Of course, every year much of the data and focus looks at the fallout from the actions of central banks and monetary policy.
This year, the release of the report felt particularly prescient given the profile of central bankers at that very moment; Davos was in full swing whilst economic release after release showed that inflation was on a tear (around the world) and central bankers were scrambling to come up with a plan.
Central Bankers’ Dilemma
Central bankers are panicking because their inability to predict the future has been revealed. Just this week former Fed Chair Janet Yellen was forced on live TV to admit that she had been “wrong then, about the path that inflation would take,”. Referring to comments made last year when she said inflation posed only “a small risk”.
In case you had forgotten, Yellen along with central bankers and policymakers, patronised markets and savers for much of last year by telling us that spikes in inflation were just ‘transitory’ and would soon settle down.
They said supply chains just needed to sort themselves out. Also, the demand and supply would soon find some kind of equilibrium.
Meanwhile, the likes of Wall Street lapped up any stimulus package there was, happy to believe the tale that central bankers had it under control.
Unsurprisingly, the inflationary effects of such stimulus made themselves known well before the end of the year.
So poorly were the central bankers at covering up this charade, that the ECB had to double its inflation forecast in just three months. This was prior to the Russia-Ukraine war.

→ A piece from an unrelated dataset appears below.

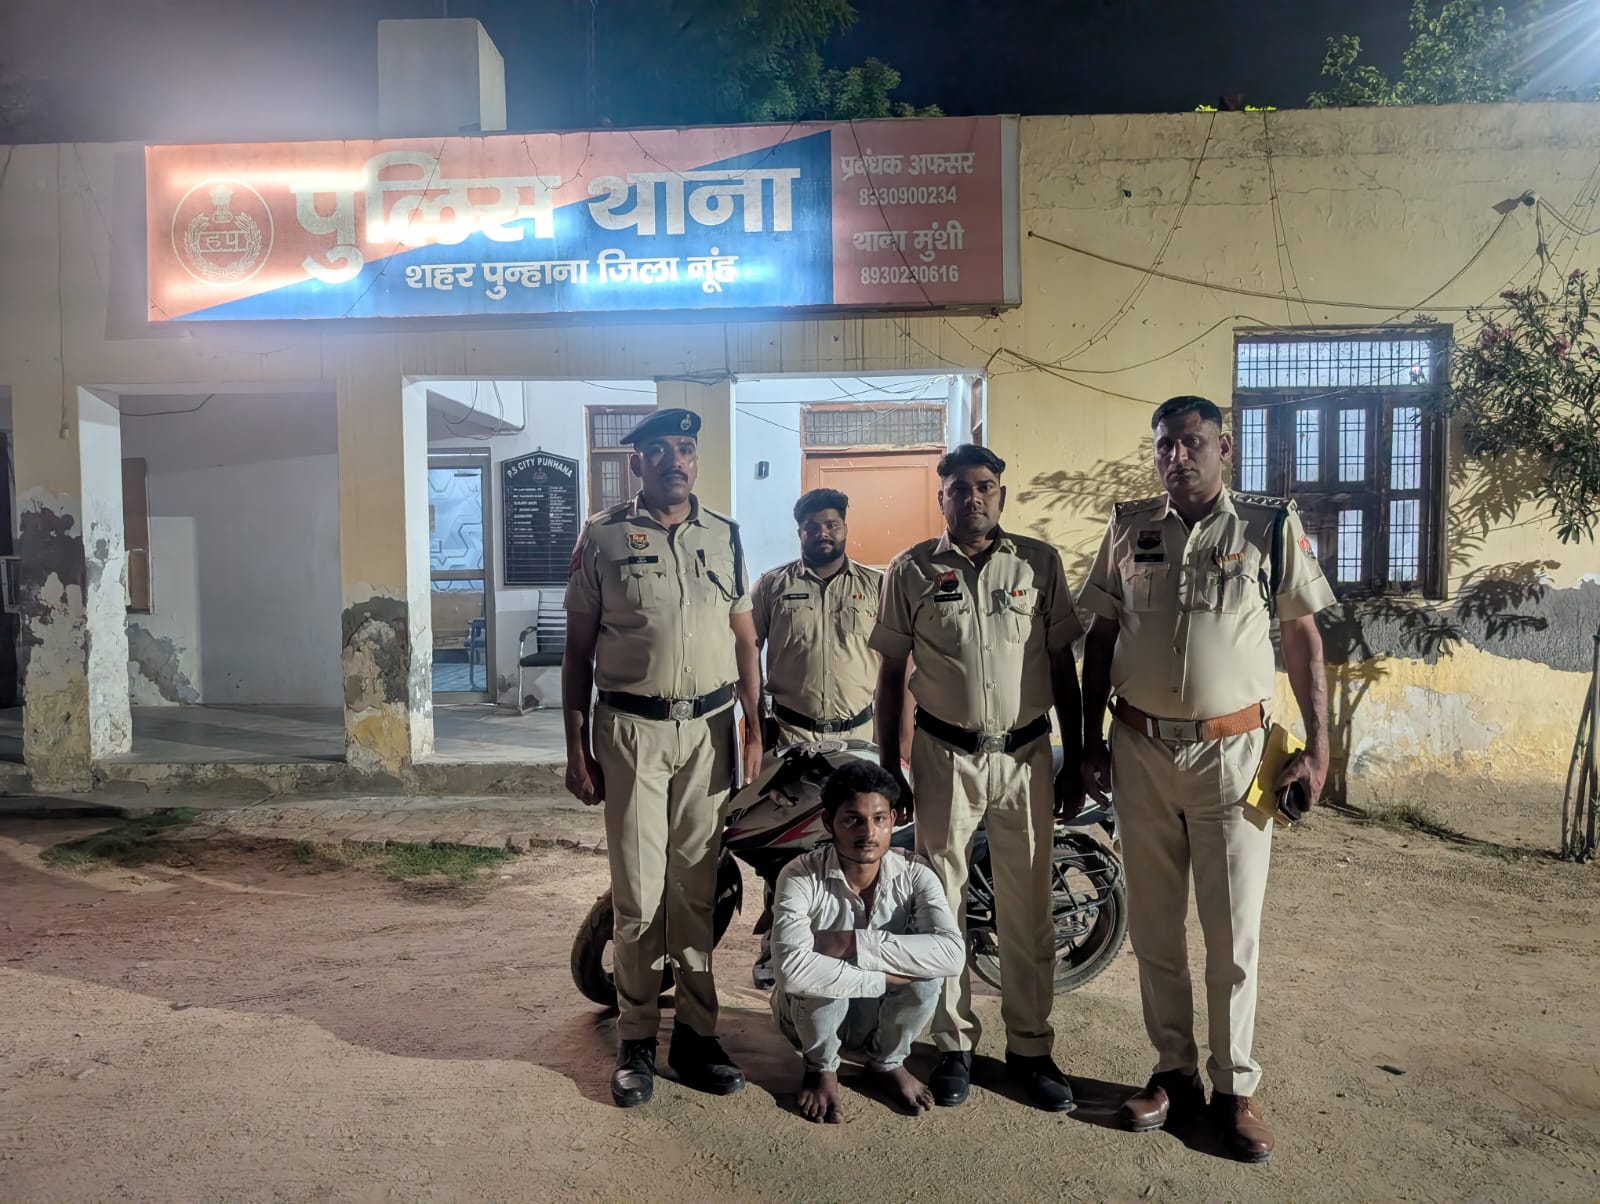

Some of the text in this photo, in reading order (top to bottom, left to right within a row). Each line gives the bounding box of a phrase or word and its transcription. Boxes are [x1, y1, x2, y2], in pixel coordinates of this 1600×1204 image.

As a side note, central banks’ inflation targets are all a bit finger-in-the-air anyway. A fortnight ago we wrote about how central bankers arrived at the 2% inflation target. In short, central bankers and politicians in New Zealand agreed on this target after a media slip-up.

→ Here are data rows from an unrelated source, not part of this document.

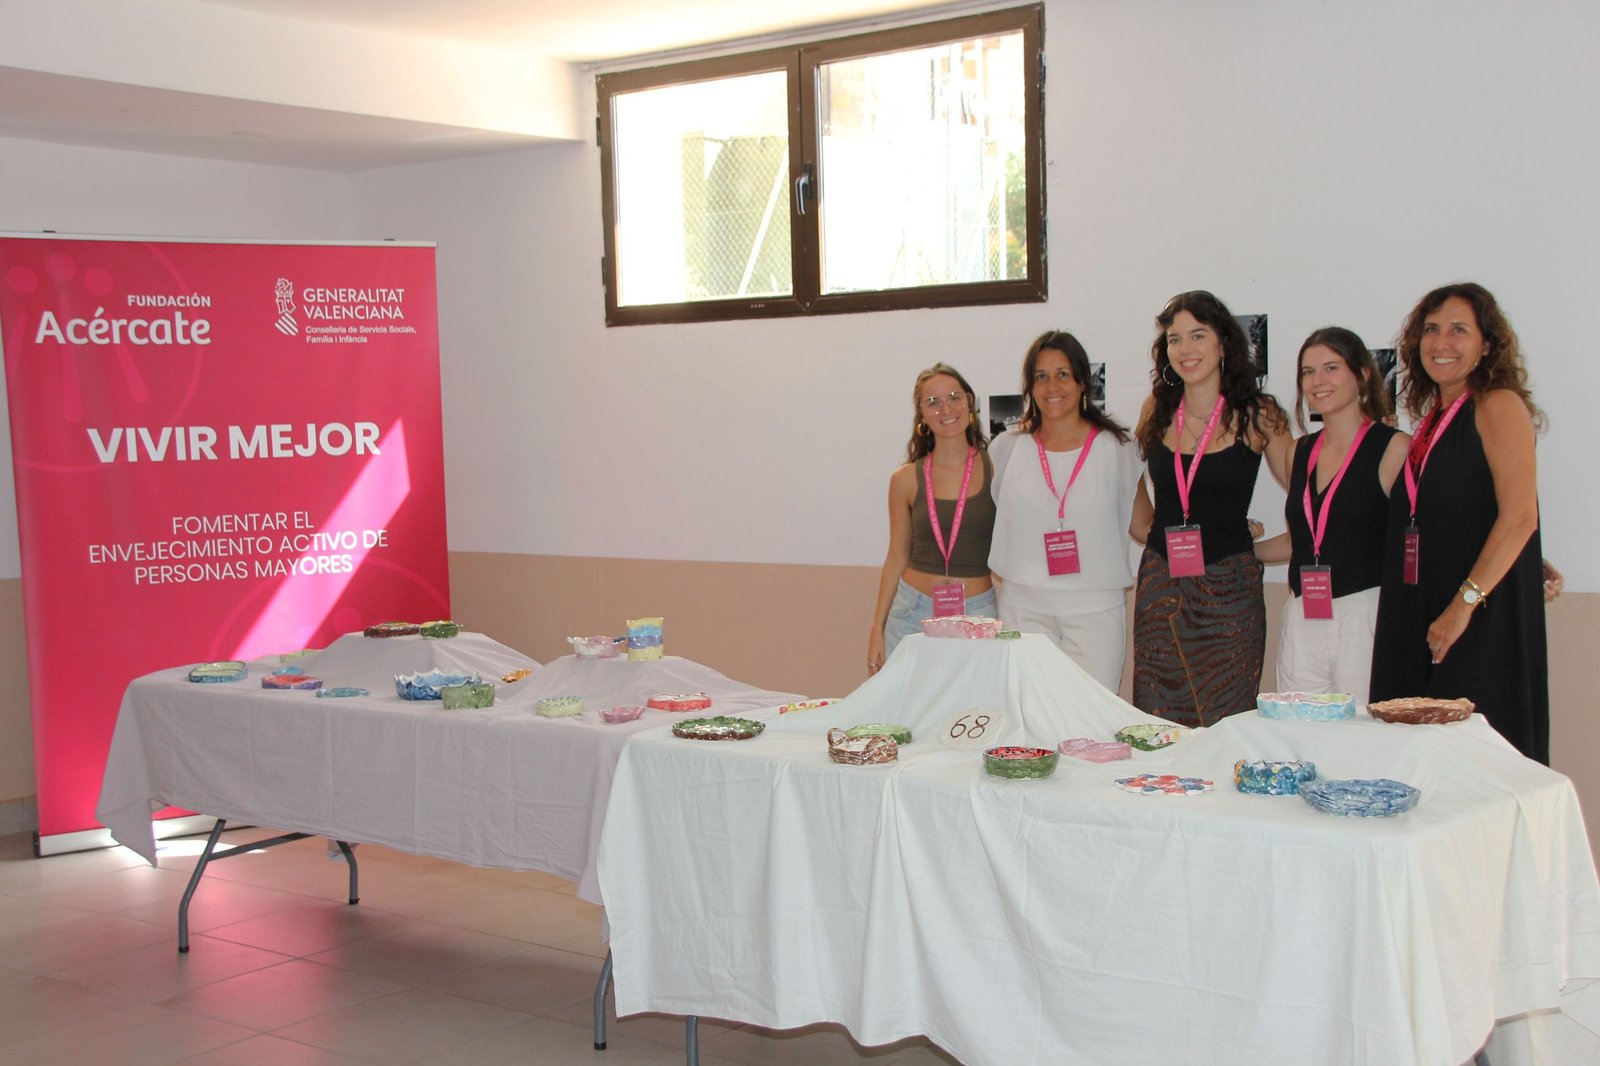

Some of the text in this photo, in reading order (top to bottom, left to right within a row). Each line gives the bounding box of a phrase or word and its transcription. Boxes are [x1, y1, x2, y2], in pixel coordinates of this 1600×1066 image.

[127, 293, 211, 307] FUNDACIÓN
[303, 288, 405, 303] GENERALITAT
[303, 305, 404, 320] VALENCIANA
[35, 306, 211, 345] Acércate
[305, 325, 347, 334] Conselleria
[348, 325, 358, 334] de
[359, 325, 388, 334] Servicis
[86, 421, 382, 463] VIVIR MEJOR
[172, 511, 315, 535] FOMENTAR EL
[89, 528, 389, 563] ENVEJECIMIENTO ACTIVO DE
[135, 554, 353, 585] PERSONAS MAYORES
[950, 714, 991, 739] 68

By chance, it did the trick for the Kiwi economy and so central bankers around the world thought this also might be the answer to their problems. What damage is this institutional groupthink wreaking throughout the global economy now?
Fast forward to today and…well, there’s a fair amount of ‘oops, did I…Did I say that?’ coming from our learned friends. Not only was inflation starting to creep up last year but now we have the Russia-Ukraine war to contend with as well.
In many ways, this has been a convenient excuse for policymakers. So intrinsic are both countries to the energy and food markets that rising inflation can be blamed on Putin.
The chart below shows the global inflation outlook. Given what we already know in terms of the UK, US, and EU inflation, we’d say the chart is conservative to say the least. But, the figures are courtesy of the IMF so perhaps they’re doing a little of their own ‘reassuring’.
The Global Inflation Outlook
To be fair to the now- US Treasury Secretary, she’s not the only one back-pedaling. U.S. Federal Reserve chair Jerome Powell said earlier this month,
“If you had perfect hindsight, you’d go back…and it probably would have been better for us to have raised rates a little sooner.” Or how about “We got a lot of things right, we got some things wrong…”
These were the words from Bank of Canada’s Governor Tiff Macklem when he was called up to justify his team’s latest attempt to combat inflation.
Former Bank of England Governor Sir Mervyn King told Sky News that ‘collectively’ central bankers were to blame for this surge in inflation. Moreover, that there has been “a failure of the economics profession”.
They believed they had it ‘under control’. They believed they had a crystal ball that told just the right amount of money to print, in order to stimulate but not implode, the global economy.